Business
Trans-Border Traders Reject Naira Over Depreciation
Following the depreciation of the Nigerian currency (Naira) in the past few months, trans-border traders have started rejecting the currency, thereby constituting further trade setbacks.
The Tide’s source’s findings across the Seme border revealed that the traders on both sides now prefer either the CFA or the domestic currency of the non-francophone countries.
Until now, Naira ruled the sub-region as the dominant currency accepted as a medium of exchange by traders across the borders due to the high volume of trade between those countries and Nigeria.
The Nigerian currency traded in the status of convertibility in the unofficial payment systems of the countries.
However, the source’s findings indicated that the Naira began sliding from that status in February, hitting the point of outright rejection in March 2024.
Some of the traders interviewed included Nigerians, who lamented that holding Naira has become a huge risk as the value keeps depreciating since last year with the worst rate of depreciation recorded last month.
Official reports indicate that Naira, which traded above N1/1.5CFA in the first quarter of 2023 dropped sharply to N1/0.9CFA in the second quarter and N1/0.8CFA in the third quarter of 2023.
After a moderate stability through the fourth quarter of 2023, it opened 2024 at N1/ 0.66067CFA in January 2024.
However, following a second wave of depreciation in February, the sub-regional fortune went down drastically to N1/0.38308CFA before hitting a new low of N1/0.37595CFA last week.
The traders are already hedging against further depreciation although there’s a slight improvement in the last few days.
However, the Naira is still not close to what it used to be in the subregion some years ago.
The development is adversely affecting the cost of goods imported into Nigeria through the West African economies.
Consequently, the traders are recording a lull in business activities on both sides of the border towns in Nigeria and the Benin Republic.
Some border markets in Benin-Nigeria visited showed that most of the money changers or Bureau De Change, do not display the Nigerian currency like they did last year.
Even transporters and bike riders otherwise known as Okada in Nigeria, across the borders declined payment in Naira, saying that by the time they return to convert Naira to CFA, they would have lost some fraction of their earnings. Consequently, they said CFA was safer to hold.
A bike rider, Ibrahim Yakubu, who took the source from the Seme border into the ‘Misebo’ market (about 45 kilometres from the border) refused to accept Naira and insisted on collecting his payment in CFA.
Yakubu also said before now, the Naira was strong, adding that it was easily accepted as a means of payment for goods and services.

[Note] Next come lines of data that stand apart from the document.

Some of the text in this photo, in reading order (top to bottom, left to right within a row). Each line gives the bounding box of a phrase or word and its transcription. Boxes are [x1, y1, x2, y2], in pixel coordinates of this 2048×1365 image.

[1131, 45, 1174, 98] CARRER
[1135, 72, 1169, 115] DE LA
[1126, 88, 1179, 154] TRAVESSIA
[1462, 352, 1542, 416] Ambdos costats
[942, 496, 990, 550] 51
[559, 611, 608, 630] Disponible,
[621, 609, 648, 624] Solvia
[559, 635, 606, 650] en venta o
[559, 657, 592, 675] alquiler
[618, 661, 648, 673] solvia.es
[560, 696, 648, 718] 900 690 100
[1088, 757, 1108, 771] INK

A money changer, Taiye Ekiti, blamed the development on the United States Dollar, adding that the cost of Dollar was the reason for the depreciation of the Naira in Benin Republic and other countries including Togo and Ghana.

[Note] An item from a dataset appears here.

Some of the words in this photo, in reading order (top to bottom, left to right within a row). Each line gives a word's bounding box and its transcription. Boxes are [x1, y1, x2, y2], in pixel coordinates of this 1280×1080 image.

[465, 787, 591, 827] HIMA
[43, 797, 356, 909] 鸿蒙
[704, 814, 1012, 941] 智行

He added that they as Bureau De Change are equally as helpless as other business people.
A Nigerian trader who deals in fairly used clothing, Mr. Achi Collins, said most traders do not accept Naira anymore, adding “that is how much the Naira has lost value over time”.
Collins also said most traders would tell their customers to change their money to CFA before they can accept it as payment for goods.
He, however, added that around the border town of Seme, there could be few traders that still accept Naira for payment but their goods cost more.
He also noted that inside the cities of Benin Republic, Naira is not acceptable because of the value when compared to the strengthening of the CFA.
He further stated: “If you want to buy something here you will go and change your Naira to CFA before you buy whatever you want”.
Before now, Naira was accepted on the west coast, up to Ivory Coast and Senegal. Traders freely spent Naira in many countries of West Africa.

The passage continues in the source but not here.